Rogowski-Lehmann Natalie, Geroula Aikaterini, Prejbisz Aleksander, Timmers Henri J L M, Megerle Felix, Robledo Mercedes, Fassnacht Martin, Fliedner Stephanie M J, Reincke Martin, Stell Anthony, Januszewicz Andrzej, Lenders Jacques W M, Eisenhofer Graeme, Beuschlein Felix
Medizinische Klinik und Poliklinik IV, Klinikum der Universität München, Munich, Germany.
Institut für Klinische Chemie und Laboratoriumsmedizin, Universitätsklinikum Carl Gustav Carus an der TU Dresden, Dresden, Germany.
Endocr Connect. 2018 Nov;7(11):1168-1177. doi: 10.1530/EC-18-0318.
Pheochromocytomas and paragangliomas (PPGLs) are rare but potentially harmful tumors that can vary in their clinical presentation. Tumors may be found due to signs and symptoms, as part of a hereditary syndrome or following an imaging procedure.
To investigate potential differences in clinical presentation between PPGLs discovered by imaging (iPPGLs), symptomatic cases (sPPGLs) and those diagnosed during follow-up because of earlier disease/known hereditary mutations (fPPGL).
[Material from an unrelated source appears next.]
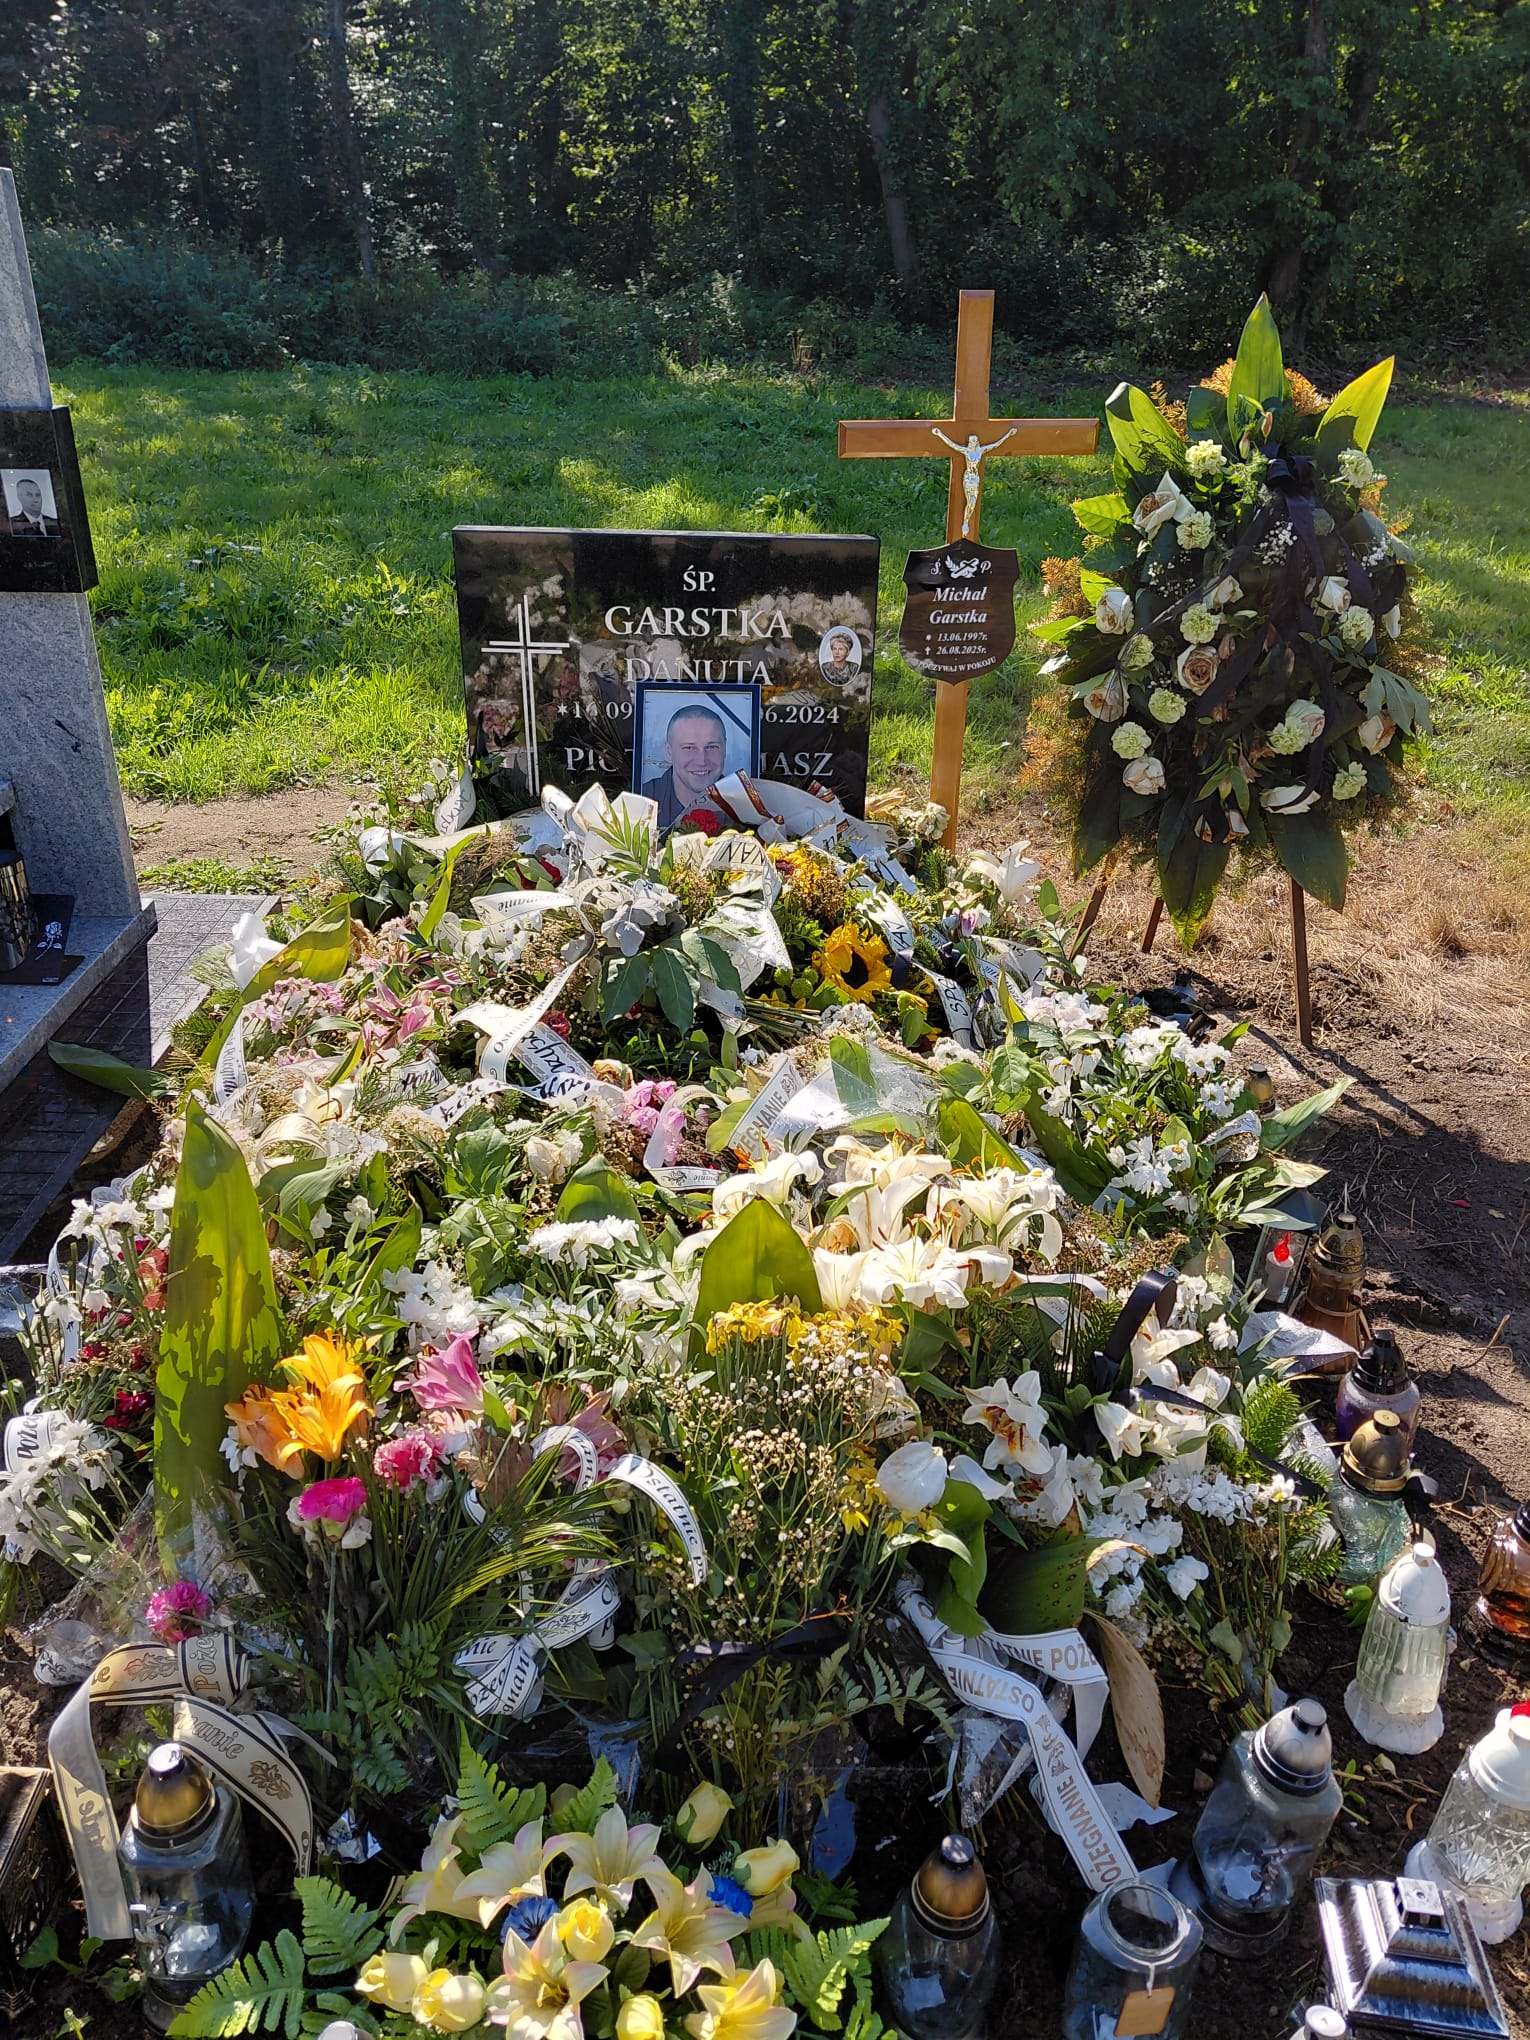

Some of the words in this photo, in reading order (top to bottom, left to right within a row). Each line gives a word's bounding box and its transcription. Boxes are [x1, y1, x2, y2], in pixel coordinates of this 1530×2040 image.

Prospective study protocol, which has enrolled patients from six European centers with confirmed PPGLs. Data were analyzed from 235 patients (37 iPPGLs, 36 sPPGLs, 27% fPPGLs) and compared for tumor volume, biochemical profile, mutation status, presence of metastases and self-reported symptoms. iPPGL patients were diagnosed at a significantly higher age than fPPGLs (P < 0.001), found to have larger tumors (P = 0.003) and higher metanephrine and normetanephrine levels at diagnosis (P = 0.021). Significantly lower than in sPPGL, there was a relevant number of self-reported symptoms in iPPGL (2.9 vs 4.3 symptoms, P < 0.001). In 16.2% of iPPGL, mutations in susceptibility genes were detected, although this proportion was lower than that in fPPGL (60.9%) and sPPGL (21.5%). Patients with PPGLs detected by imaging were older, have higher tumor volume and more excessive hormonal secretion in comparison to those found as part of a surveillance program. Presence of typical symptoms indicates that in a relevant proportion of those patients, the PPGL diagnosis had been delayed.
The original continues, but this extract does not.